If you want to do a big controversial move, whether it's say ending the infinite multiverse of the DC Universe (COIE), doing a story where Barbara Gordon gets crippled (The Killing Joke), or saying that a number of characters we had known were Skrulls (Secret Invasion) if you want to sell that concept, you damn well better give your best.
Not sure if the backlash to TLJ which included racist and sexist people and so on, ought to be put in the same boat as OMD which is fundamentally opposed to the sexist and adolescent conception of marriage that Quesada and others want people to accept, in addition to the dog-whistle sexism that was there in BND.
More than that, while I am not a big fan of The Last Jedi...it's certainly an accomplished work, with solid craft, excellent character bits, decent writing and visual beauty. OMD has none of those things.
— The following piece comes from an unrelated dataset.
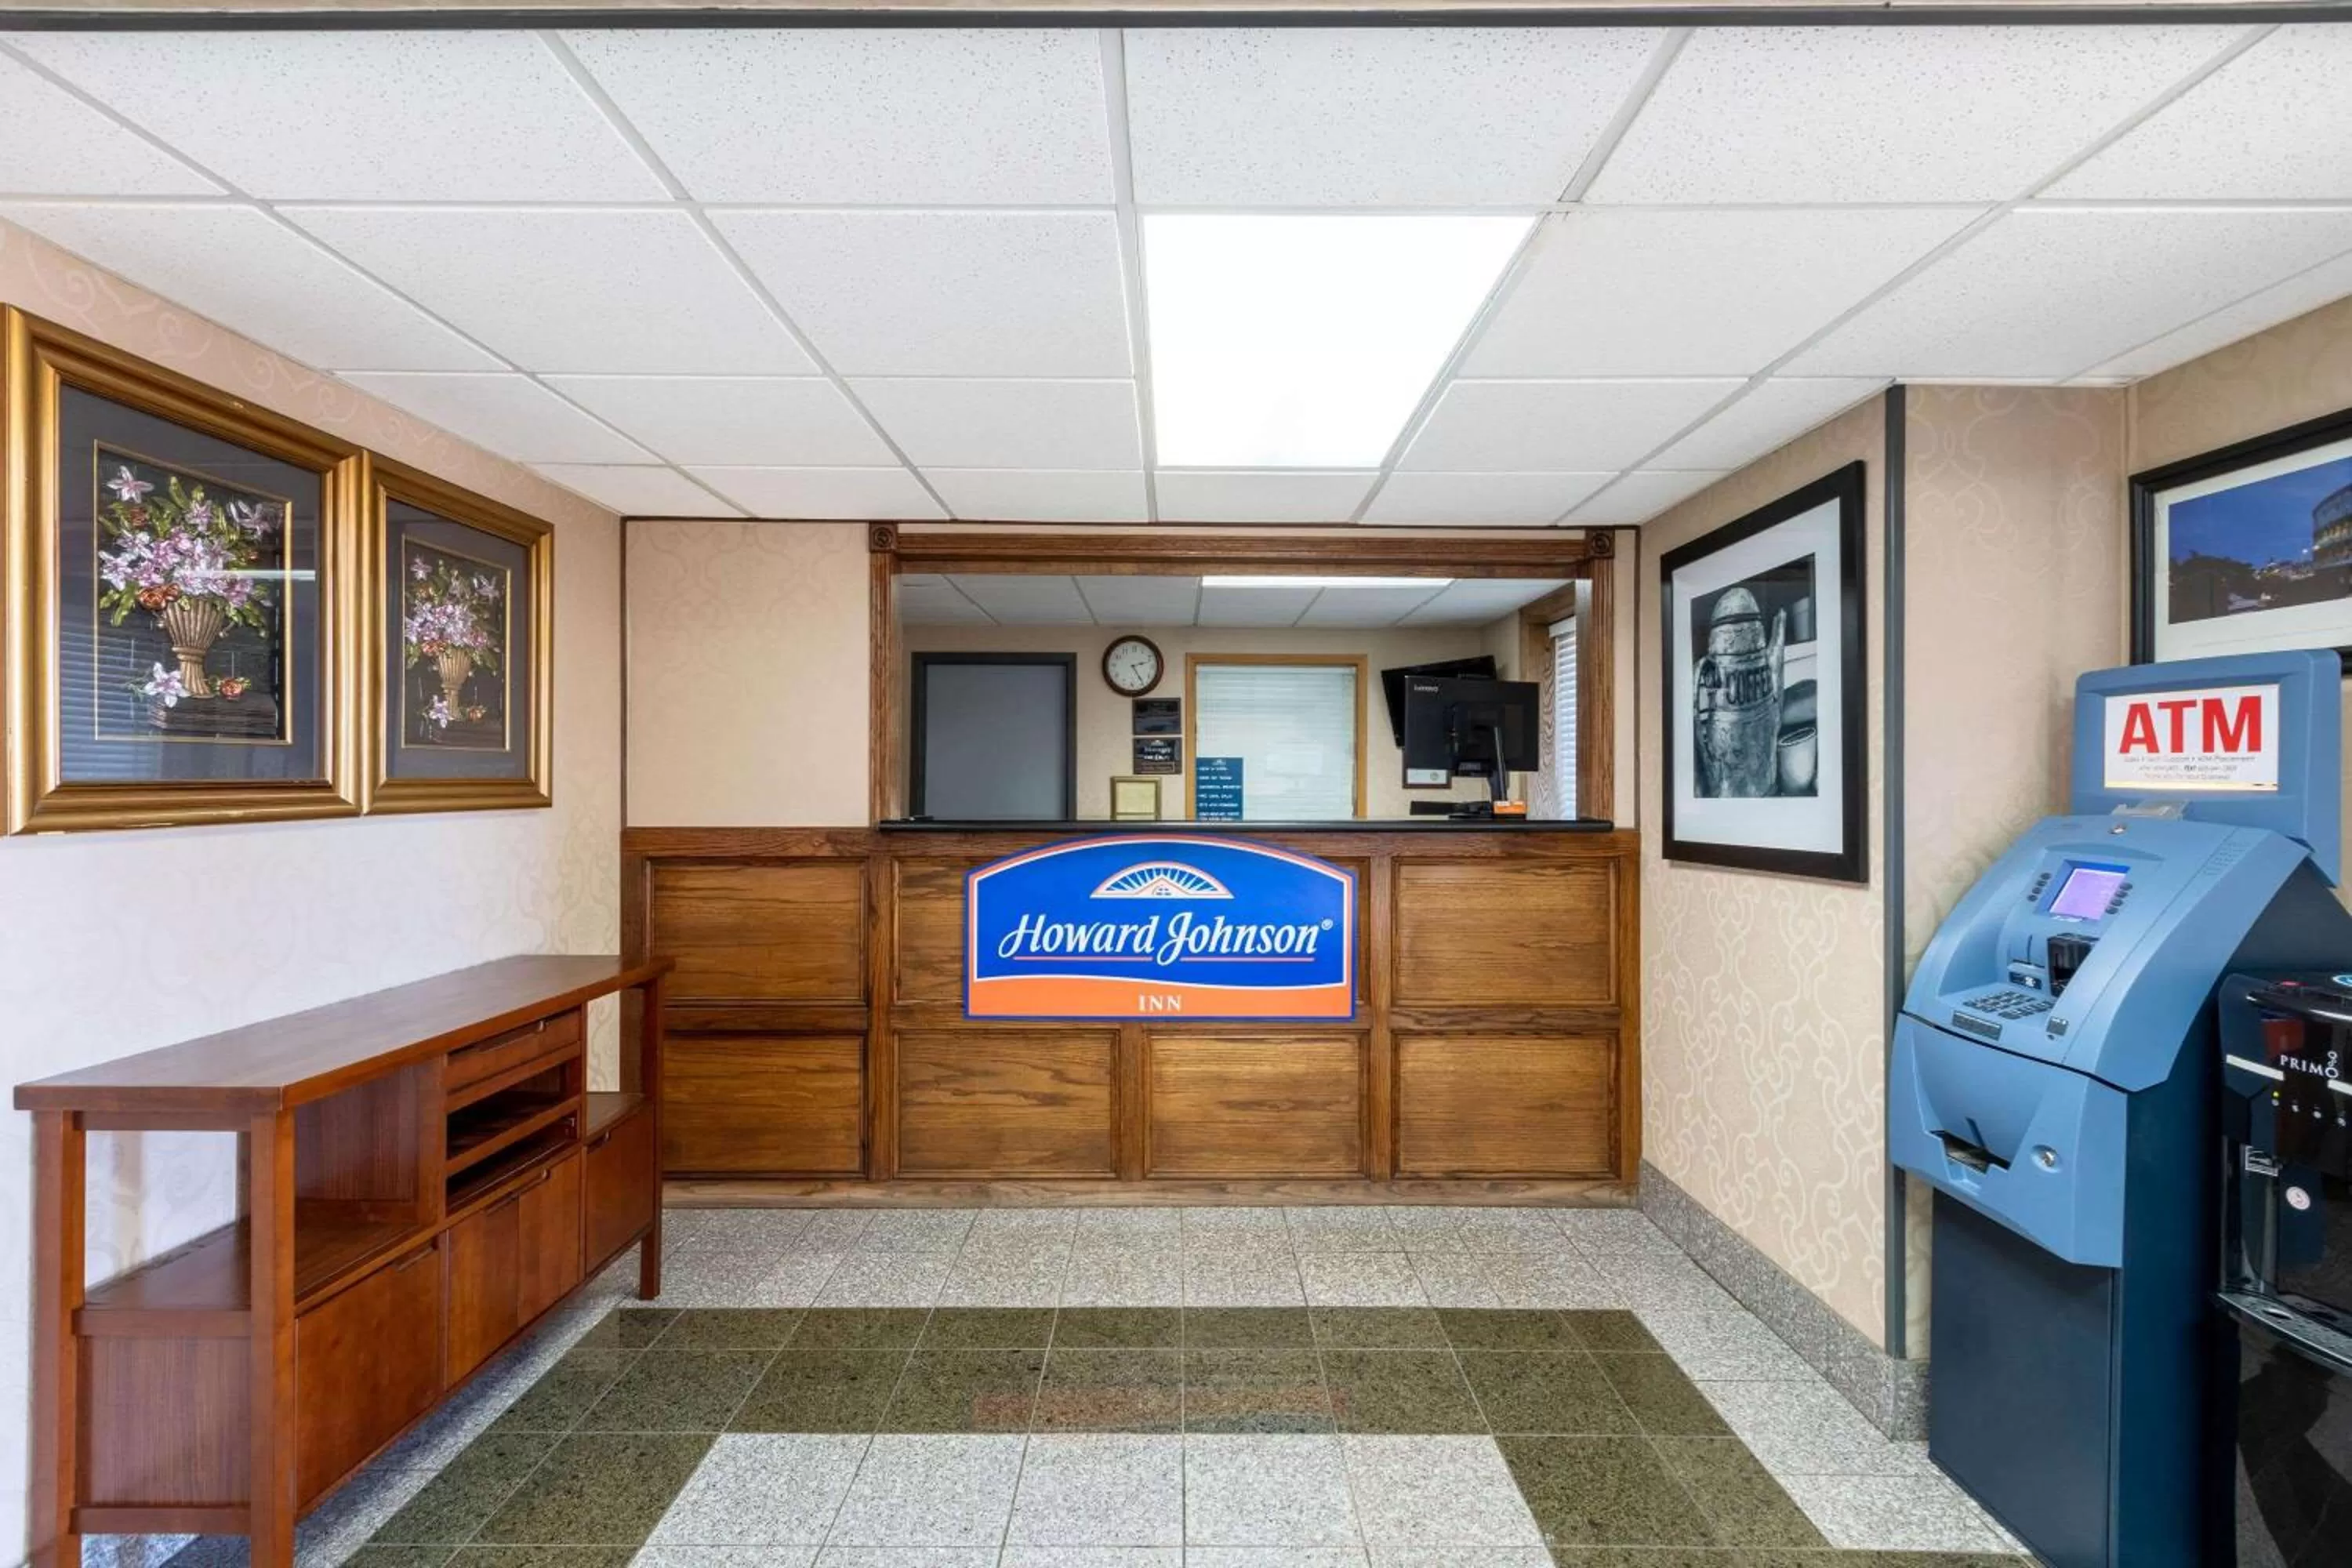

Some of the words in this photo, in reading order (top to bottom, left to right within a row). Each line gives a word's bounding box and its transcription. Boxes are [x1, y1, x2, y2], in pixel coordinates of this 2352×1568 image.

The backlash over OMD is more closely related to the sh-tty finale of GOT. The hot anger and outrage and the laughing stock it made of the showrunners is quite reminiscent of that. Though got to give credit to Quesada, he did interviews after OMD and OMIT and after that talking about it, while the showrunners are holed up somewhere in a hidey hole. Quesada for all his flaws is not a coward, I'll give him that.
Speaking personally, I did try and get over OMD. But anytime I tried, the anger comes back fresh as a daisy. The anger that OMD provoked in the fandom is unusual because it's just as hot today as it was the day it came out. That's not the problem of the fandom, it's the problem of the story and Marvel.
At the end of the day it's not the job of fans to do Marvel's job for themselves. We don't get paid money to be nice to Marvel. It's not in our interests to do so. It's up to Marvel to choose to do something about it. If not well they just have to live with that anger. I am sure it's not fun for Marvel editors and others on tumblr and wherever to constantly field opinions and questions about the marriage which they get repeatedly on multiple occasions and will continue to do so going forward.
Even Mark Waid is regretful and bothered around the collar when he discussed OMD briefly in this podcast near the end around the end of Slott's run. (
https://www.youtube.com/watch?v=3Uvvdv8AZPk). It's still "the elephant in the room" and it's obvious that nothing that was done in Spider-Man since has made people get over that issue as everyone believed it would.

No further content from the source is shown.